Exactly as shown below, retype every line of the data.

*** Opening WORKING DATA ***

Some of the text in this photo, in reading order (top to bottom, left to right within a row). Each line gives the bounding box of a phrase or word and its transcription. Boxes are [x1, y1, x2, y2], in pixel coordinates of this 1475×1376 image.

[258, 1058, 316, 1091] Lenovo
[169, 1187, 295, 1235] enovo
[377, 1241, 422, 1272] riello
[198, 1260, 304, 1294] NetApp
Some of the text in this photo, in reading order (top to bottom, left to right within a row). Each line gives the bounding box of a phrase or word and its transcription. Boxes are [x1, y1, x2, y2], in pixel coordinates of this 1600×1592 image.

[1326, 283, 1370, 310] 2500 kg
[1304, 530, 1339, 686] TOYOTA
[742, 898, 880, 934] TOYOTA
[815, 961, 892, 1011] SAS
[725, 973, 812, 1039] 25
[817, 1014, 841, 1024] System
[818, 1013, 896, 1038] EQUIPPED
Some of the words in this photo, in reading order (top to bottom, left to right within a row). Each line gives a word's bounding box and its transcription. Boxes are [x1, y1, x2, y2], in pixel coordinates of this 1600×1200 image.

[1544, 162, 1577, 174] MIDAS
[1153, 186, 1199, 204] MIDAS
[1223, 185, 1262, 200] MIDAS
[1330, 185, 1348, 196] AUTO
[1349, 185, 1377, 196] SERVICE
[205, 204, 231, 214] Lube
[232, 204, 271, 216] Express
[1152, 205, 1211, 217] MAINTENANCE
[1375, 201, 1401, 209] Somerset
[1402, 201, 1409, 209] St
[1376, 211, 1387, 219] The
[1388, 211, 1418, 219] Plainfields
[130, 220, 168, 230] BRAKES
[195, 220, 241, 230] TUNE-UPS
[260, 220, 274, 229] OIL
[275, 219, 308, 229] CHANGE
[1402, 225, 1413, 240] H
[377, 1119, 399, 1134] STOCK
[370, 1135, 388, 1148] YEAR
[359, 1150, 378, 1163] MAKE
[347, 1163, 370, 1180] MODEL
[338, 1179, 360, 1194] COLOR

*** Closing WORKING DATA ***

## EXERCISE RESPONSE
Some of the text in this photo, in reading order (top to bottom, left to right within a row). Each line gives the bounding box of a phrase or word and its transcription. Boxes are [x1, y1, x2, y2], in pixel coordinates of this 1475×1376 image.

[258, 1058, 316, 1091] Lenovo
[169, 1187, 295, 1235] enovo
[377, 1241, 422, 1272] riello
[198, 1260, 304, 1294] NetApp
Some of the text in this photo, in reading order (top to bottom, left to right within a row). Each line gives the bounding box of a phrase or word and its transcription. Boxes are [x1, y1, x2, y2], in pixel coordinates of this 1600×1592 image.

[1326, 283, 1370, 310] 2500 kg
[1304, 530, 1339, 686] TOYOTA
[742, 898, 880, 934] TOYOTA
[815, 961, 892, 1011] SAS
[725, 973, 812, 1039] 25
[817, 1014, 841, 1024] System
[818, 1013, 896, 1038] EQUIPPED
Some of the words in this photo, in reading order (top to bottom, left to right within a row). Each line gives a word's bounding box and its transcription. Boxes are [x1, y1, x2, y2], in pixel coordinates of this 1600×1200 image.

[1544, 162, 1577, 174] MIDAS
[1153, 186, 1199, 204] MIDAS
[1223, 185, 1262, 200] MIDAS
[1330, 185, 1348, 196] AUTO
[1349, 185, 1377, 196] SERVICE
[205, 204, 231, 214] Lube
[232, 204, 271, 216] Express
[1152, 205, 1211, 217] MAINTENANCE
[1375, 201, 1401, 209] Somerset
[1402, 201, 1409, 209] St
[1376, 211, 1387, 219] The
[1388, 211, 1418, 219] Plainfields
[130, 220, 168, 230] BRAKES
[195, 220, 241, 230] TUNE-UPS
[260, 220, 274, 229] OIL
[275, 219, 308, 229] CHANGE
[1402, 225, 1413, 240] H
[377, 1119, 399, 1134] STOCK
[370, 1135, 388, 1148] YEAR
[359, 1150, 378, 1163] MAKE
[347, 1163, 370, 1180] MODEL
[338, 1179, 360, 1194] COLOR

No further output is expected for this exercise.